Während ABS und ESP sowie zumindest zwei Airbags (Fahrer und Beifahrer) ein absolutes Muss für Fahranfänger sind, gibt es je nach Budget weitere sinnvolle Extras. Empfehlenswert etwa sind weitere Airbags, idealerweise je zwei Seiten- und Kopfairbags. Auch eine Klimaanlage ist eine gute Investition, da die Aufmerksamkeit bei stickiger Sommerhitze im Auto schnell sinkt.
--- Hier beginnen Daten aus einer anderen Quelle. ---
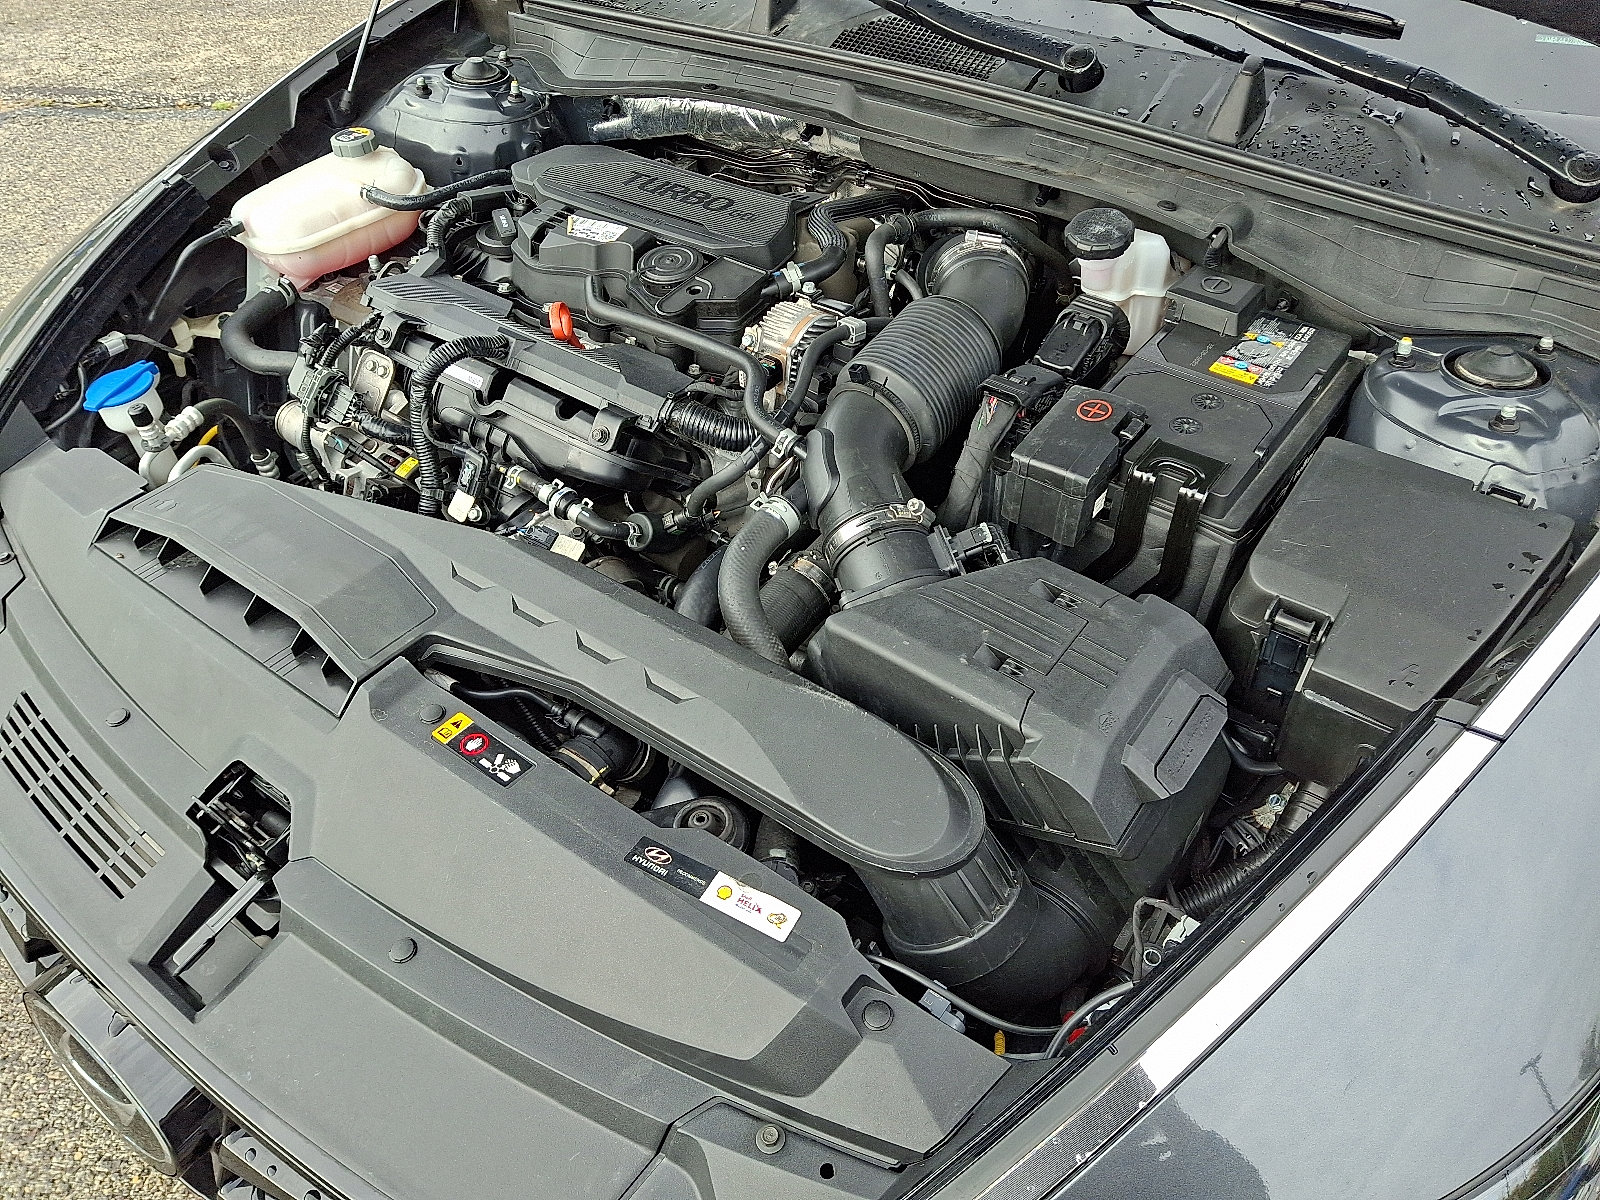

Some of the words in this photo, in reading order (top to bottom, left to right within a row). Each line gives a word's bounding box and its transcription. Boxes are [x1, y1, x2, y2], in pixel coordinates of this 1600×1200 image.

[622, 171, 735, 212] TURBO
[632, 854, 669, 877] HYUNDAI
[736, 897, 762, 914] HELIX
Die weitere Ausstattung hängt auch vom Einsatzzweck ab; wer etwa häufig nachts unterwegs ist, kann von einem guten Scheinwerfersystem profitieren. Neben besonders leuchtstarken Leuchten mit Xenon- oder LED-Technik sind vor allem in höheren Fahrzeugklassen auch intelligente Lichtsysteme zu finden, die die Ausleuchtung der Fahrsituation anpassen. Allerdings sind solche Fahrzeuge teuer und für Fahranfänger eher selten eine finanziell passende Lösung.
Ein wichtiges Detail für junge Fahrer ist sicherlich eine funktionierende Smartphone-Anbindung sowie eine Freisprechanlage, so dass sie erst gar nicht in Versuchung kommen, mit dem Handy am Ohr zu telefonieren.
Allerdings nutzt die beste Sicherheitsausstattung nichts, wenn das Fahrzeug selbst unsicher ist. Wer einen Gebrauchten kauft, sollte auf eine frische HU-Plakette achten – das minimiert zumindest das Risiko wirklich gefährlicher Mängel. Auch ein Gebrauchtwagen-Check bei einer der Prüforganisationen oder bei einem Automobilclub kann sich lohnen.